Recall that `dplyr` has five fundamental functions for manipulating and cleaning ("wrangling") data: `filter`, `arrange`, `select`, `mutate` and `summarise`.

## 1.1 Piping

Recall that the pipe operator `%>%` allows you to apply one or more functions to a tibble. Sample syntax:

`myTibble %>% someFunction(secondArg, thirdArg, ...)`

is equivalent to 

`someFunction(myTibble, secondArg, thirdArg, ...)`.

In [None]:
gapminder %>% head(10) # get the first 10 rows of the gapminder data set

## 1.2 Filter

Obtain **rows** that satisfy some logical condition

In [None]:
# what if I want data from the year 1982?
gapminder %>% filter(year == 1982) %>% head

Exercise 1: Return all rows corresponding to Asian countries with a life expectancy of at least 75 years in the year 2007.

In [None]:
# your code here

## 1.3 Arrange

Sort a tibble's rows (ascending order by default) based on one or more columns

In [None]:
# get the rows with the largest gdp per capita
gapminder %>% arrange(desc(gdpPercap)) %>% head
# note that it's all the same country (Kuwait) over different eyars

In [None]:
# you can also arrange based on a function of a column(s)
gapminder %>% arrange(desc(lifeExp / gdpPercap)) %>% head

Exercise 2: For each year, starting from the most recent year (2007) going backwards, sort the data alphabetically by country name. 
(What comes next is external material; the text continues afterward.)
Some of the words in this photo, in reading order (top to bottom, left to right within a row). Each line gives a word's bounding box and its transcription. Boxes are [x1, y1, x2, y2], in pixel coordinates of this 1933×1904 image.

*Hint: the first two rows should be "Afghanistan/2007" and "Albania/2007" *

In [None]:
# your code here

## 1.4 Chaining Dplyr Operations

Each of the five `dplyr` functions take a tibble as their first argument and return a tibble.
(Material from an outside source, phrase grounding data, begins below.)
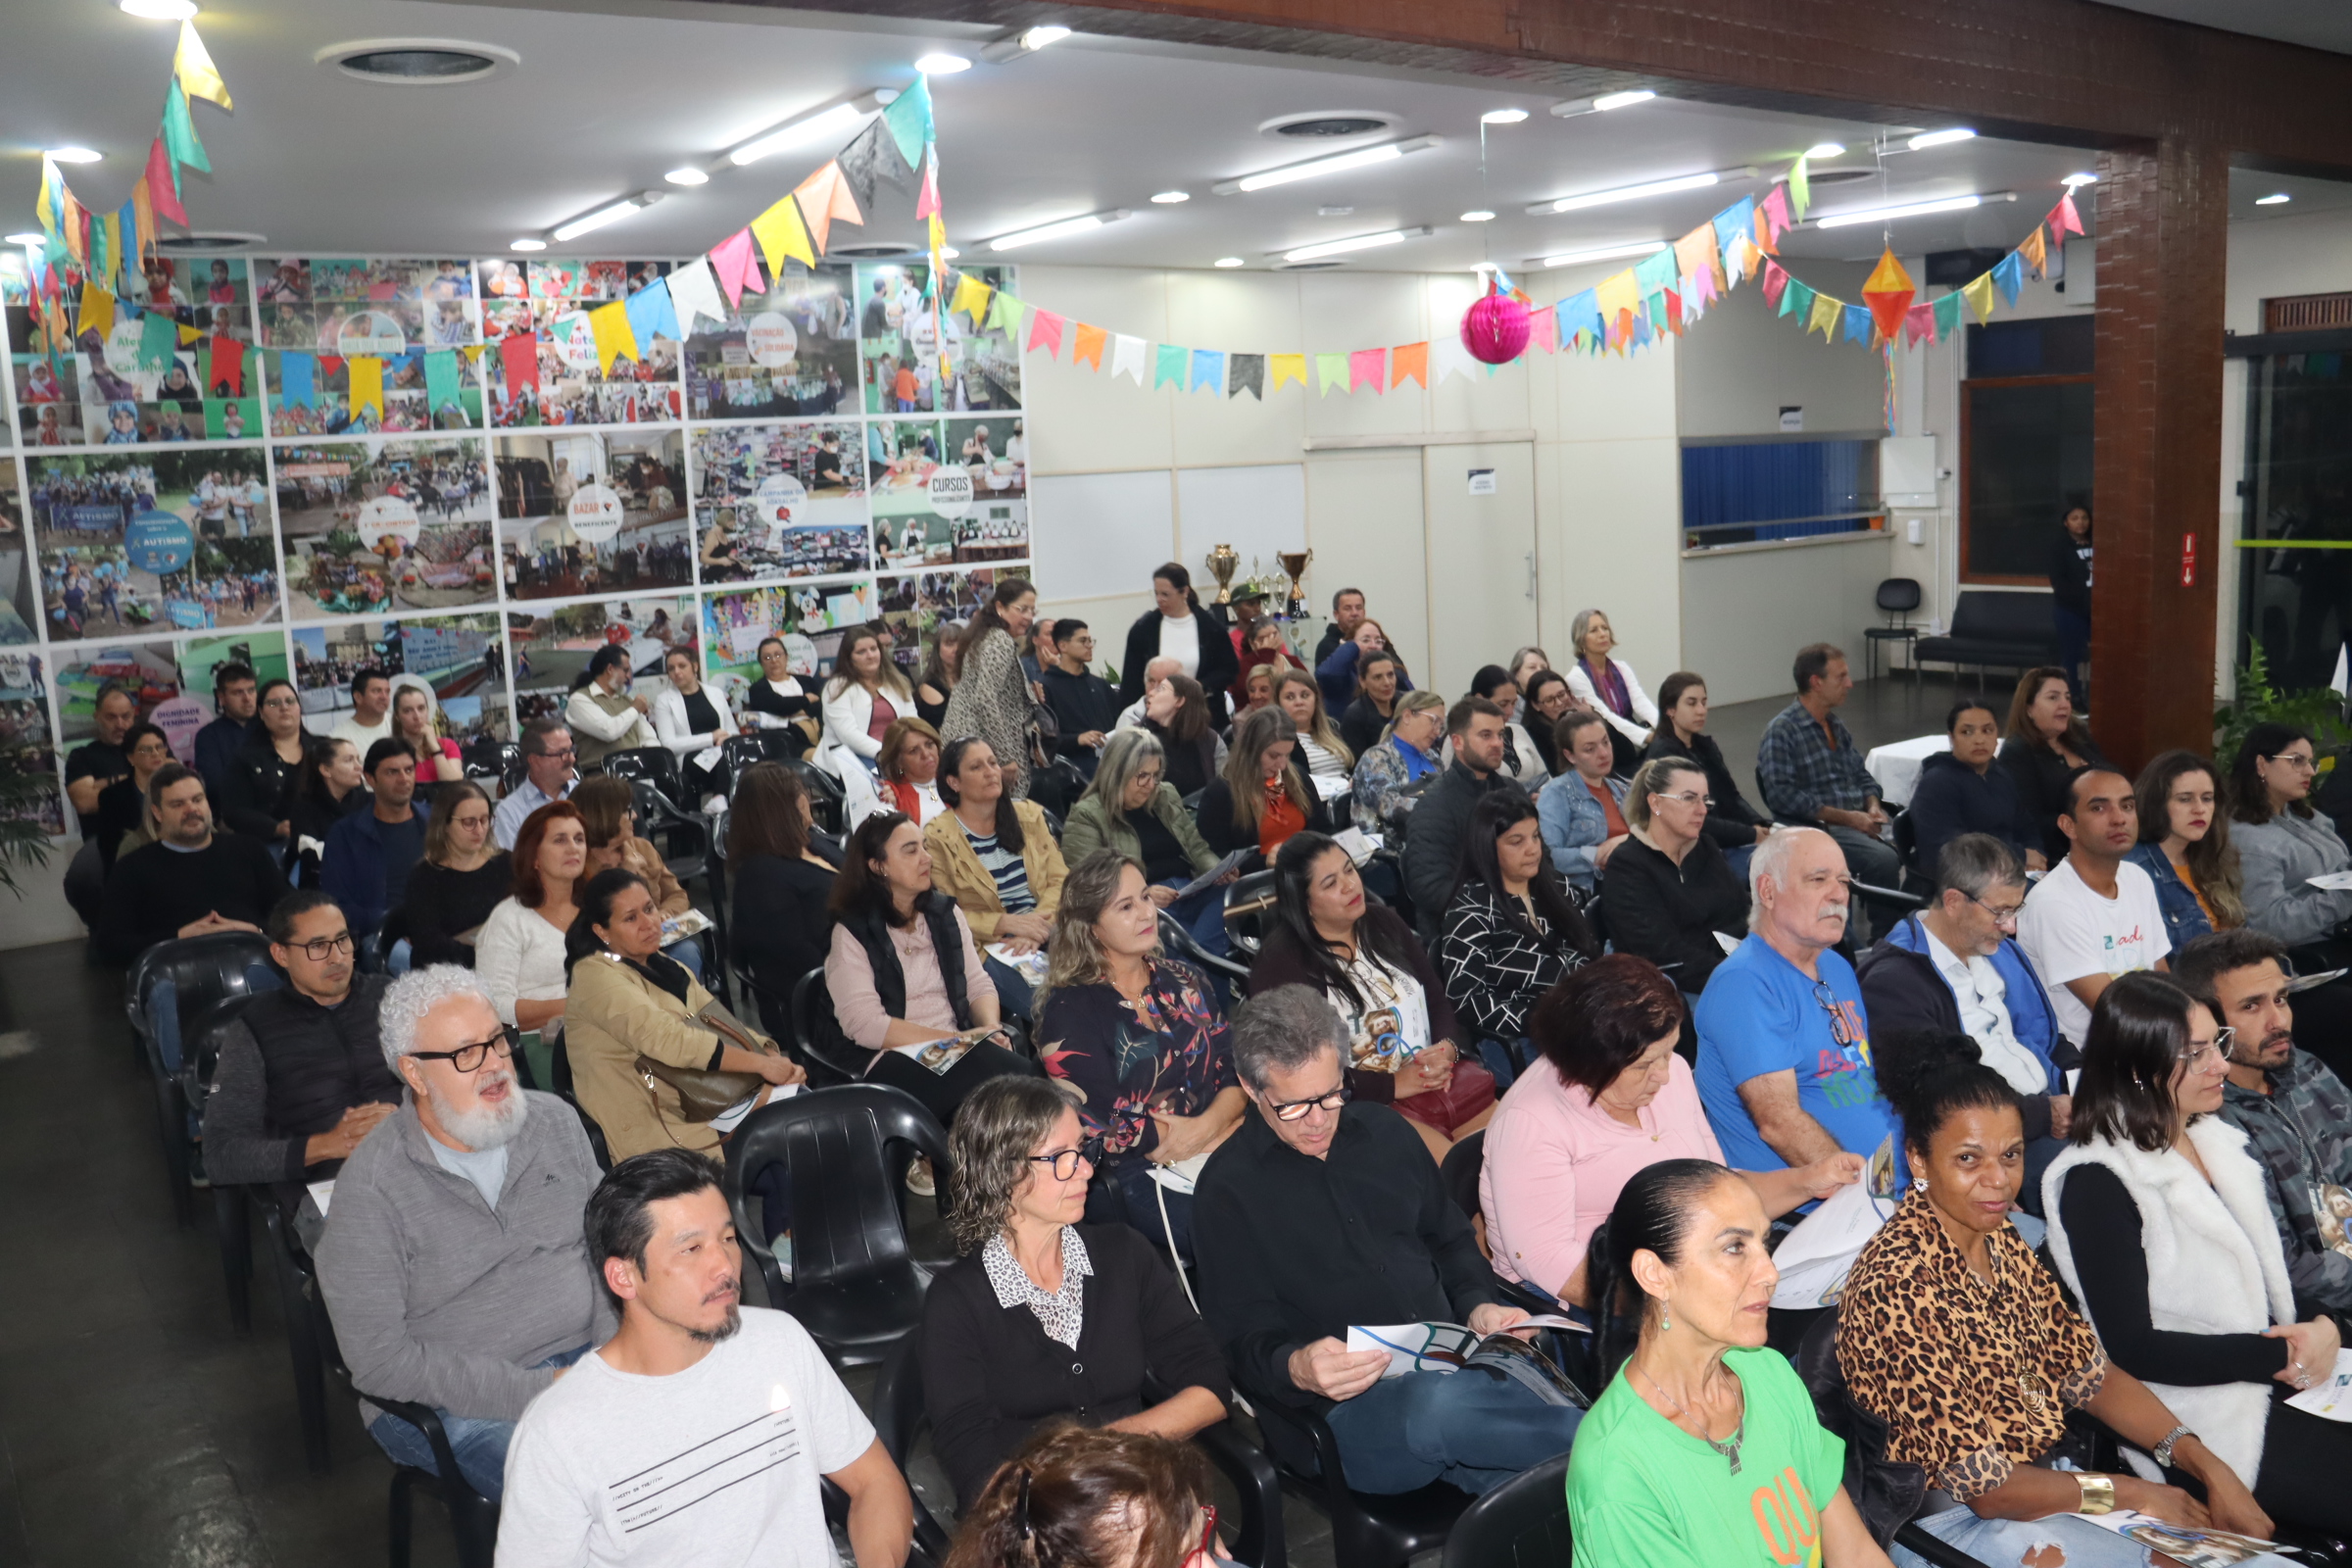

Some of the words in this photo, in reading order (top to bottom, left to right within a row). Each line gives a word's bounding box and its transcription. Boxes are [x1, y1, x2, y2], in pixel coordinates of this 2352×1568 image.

[932, 476, 968, 492] CURSOS
[573, 503, 601, 514] BAZAR
[574, 519, 617, 529] BENEFICENTE
[144, 536, 186, 547] AUTISMO
[158, 708, 201, 719] DIGNIDADE
[163, 717, 200, 727] FEMININA
Therefore, we can chain together multiple `dplyr` operations. Think of fitting a bunch of pipe segments together--the data flows through the pipe and comes out transformed.

In [None]:
# sort countries by population (large to small) based on 1952 pop
# then get the top 10
gapminder %>% filter(year == 1952) %>% arrange(desc(pop)) %>% head(10)

# USSR would have been number 3
# Germany was two countries (DDR/BRD)
# Bangladesh was part of Pakistan
# clearly, tracking countries over several decades is a little confusing...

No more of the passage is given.